Download or read book Mental Health Social Work in Context written by Nick Gould and published by Routledge. This book was released on 2016-06-10 with total page 237 pages. Available in PDF, EPUB and Kindle. Book excerpt: This new edition of Mental Health Social Work in Context continues to be an authoritative, evidence based introduction to an area of specialism chosen by many social work students. Grounded in the social models of mental health particularly relevant to qualifying social workers, but also familiarising students with social aspects of medical perspectives, this core text helps to prepare students for practice and to develop their knowledge around: promoting the social inclusion of people with mental health problems the changing context of multidisciplinary mental health services an integrated evidence base for practice working with people with mental health problems across the life course. In this new edition the author has reflected on the impact of the global recession and austerity policies, both on the mental health of the population but also the much sharper conditions and reduced services within which social workers are now operating.

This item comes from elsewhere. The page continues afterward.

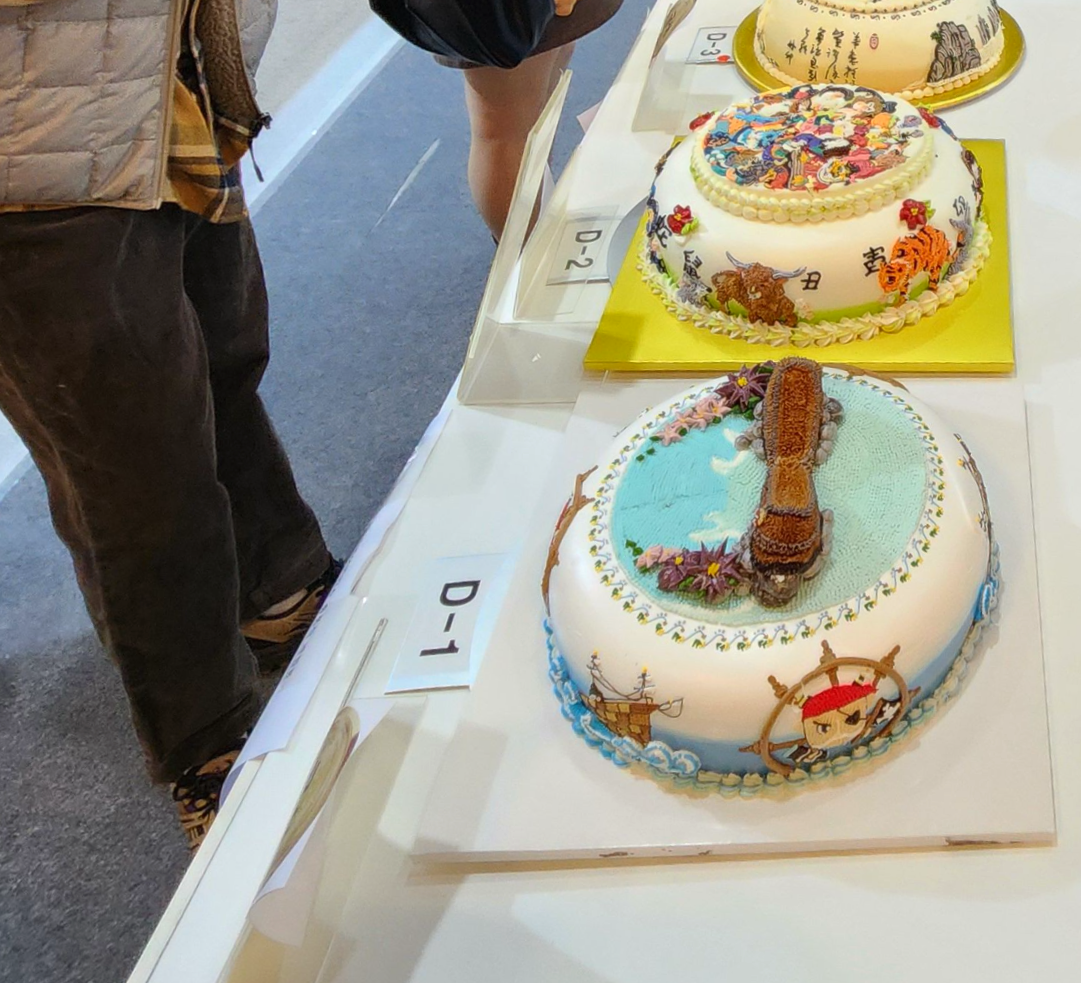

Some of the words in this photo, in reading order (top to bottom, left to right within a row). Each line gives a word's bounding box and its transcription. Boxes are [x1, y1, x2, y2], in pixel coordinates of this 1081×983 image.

[701, 32, 727, 56] D-3
[565, 230, 603, 270] D-2
[420, 580, 481, 657] D-1

This fully updated 2nd edition is an essential textbook for all social work students taking undergraduate and postgraduate qualifying degrees, and will also be invaluable for practitioners undertaking post-qualifying awards in mental health social work.

Book Identity Development

    Book Details:
  • Author : Jane Kroger
  • Publisher : SAGE Publications
  • Release : 2006-07-11
  • ISBN : 1483350142
  • Pages : 321 pages

Download or read book Identity Development written by Jane Kroger and published by SAGE Publications. This book was released on 2006-07-11 with total page 321 pages. Available in PDF, EPUB and Kindle. Book excerpt: This volume highlights identity development from early adolescence through late adulthood and provides a valuable resource for university students as well as human services professionals. This Second Edition of Identity Development: Adolescence Through Adulthood presents an overview of the five general theoretical orientations to the question of what constitutes identity, as well as the strengths and limitations of each approach. The volume then describes key biological, psychological, and contextual issues during each phase of adolescence and adulthood. Following these major adolescence and adulthood sections, selected issues that may pose identity challenges for some are presented.